EXERCISE DIRECTIONS: The required output is the exact sequence of lines from the line holding "this 1280×1280 image." to the end of the records, inclusive.

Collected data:
<<<<
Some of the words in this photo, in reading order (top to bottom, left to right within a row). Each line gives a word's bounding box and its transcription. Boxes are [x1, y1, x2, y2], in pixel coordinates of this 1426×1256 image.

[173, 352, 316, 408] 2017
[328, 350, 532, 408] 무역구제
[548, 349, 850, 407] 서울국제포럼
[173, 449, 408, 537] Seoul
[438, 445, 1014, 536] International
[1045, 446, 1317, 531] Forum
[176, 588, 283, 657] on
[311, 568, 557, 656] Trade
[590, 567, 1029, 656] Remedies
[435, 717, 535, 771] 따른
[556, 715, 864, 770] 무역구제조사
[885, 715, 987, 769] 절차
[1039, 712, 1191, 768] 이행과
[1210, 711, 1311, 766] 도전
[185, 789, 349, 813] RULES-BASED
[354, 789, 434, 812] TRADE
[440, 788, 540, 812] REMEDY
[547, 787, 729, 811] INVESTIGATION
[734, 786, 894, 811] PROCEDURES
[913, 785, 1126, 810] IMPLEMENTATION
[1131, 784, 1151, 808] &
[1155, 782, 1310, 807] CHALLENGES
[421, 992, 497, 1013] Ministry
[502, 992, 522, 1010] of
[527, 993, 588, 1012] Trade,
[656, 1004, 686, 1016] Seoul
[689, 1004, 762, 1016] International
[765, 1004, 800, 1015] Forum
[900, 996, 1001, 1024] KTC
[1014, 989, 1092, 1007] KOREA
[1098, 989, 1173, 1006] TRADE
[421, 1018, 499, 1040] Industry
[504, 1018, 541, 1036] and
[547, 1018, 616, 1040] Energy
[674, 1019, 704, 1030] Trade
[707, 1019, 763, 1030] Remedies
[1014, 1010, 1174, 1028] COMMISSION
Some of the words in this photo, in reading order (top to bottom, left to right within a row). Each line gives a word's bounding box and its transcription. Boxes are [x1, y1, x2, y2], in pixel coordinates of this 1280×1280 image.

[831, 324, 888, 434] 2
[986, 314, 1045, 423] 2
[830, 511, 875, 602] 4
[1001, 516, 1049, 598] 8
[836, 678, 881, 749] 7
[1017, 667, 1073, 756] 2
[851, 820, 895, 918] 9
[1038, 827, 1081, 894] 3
>>>>
EXPECTED OUTPUT:
Some of the words in this photo, in reading order (top to bottom, left to right within a row). Each line gives a word's bounding box and its transcription. Boxes are [x1, y1, x2, y2], in pixel coordinates of this 1280×1280 image.

[831, 324, 888, 434] 2
[986, 314, 1045, 423] 2
[830, 511, 875, 602] 4
[1001, 516, 1049, 598] 8
[836, 678, 881, 749] 7
[1017, 667, 1073, 756] 2
[851, 820, 895, 918] 9
[1038, 827, 1081, 894] 3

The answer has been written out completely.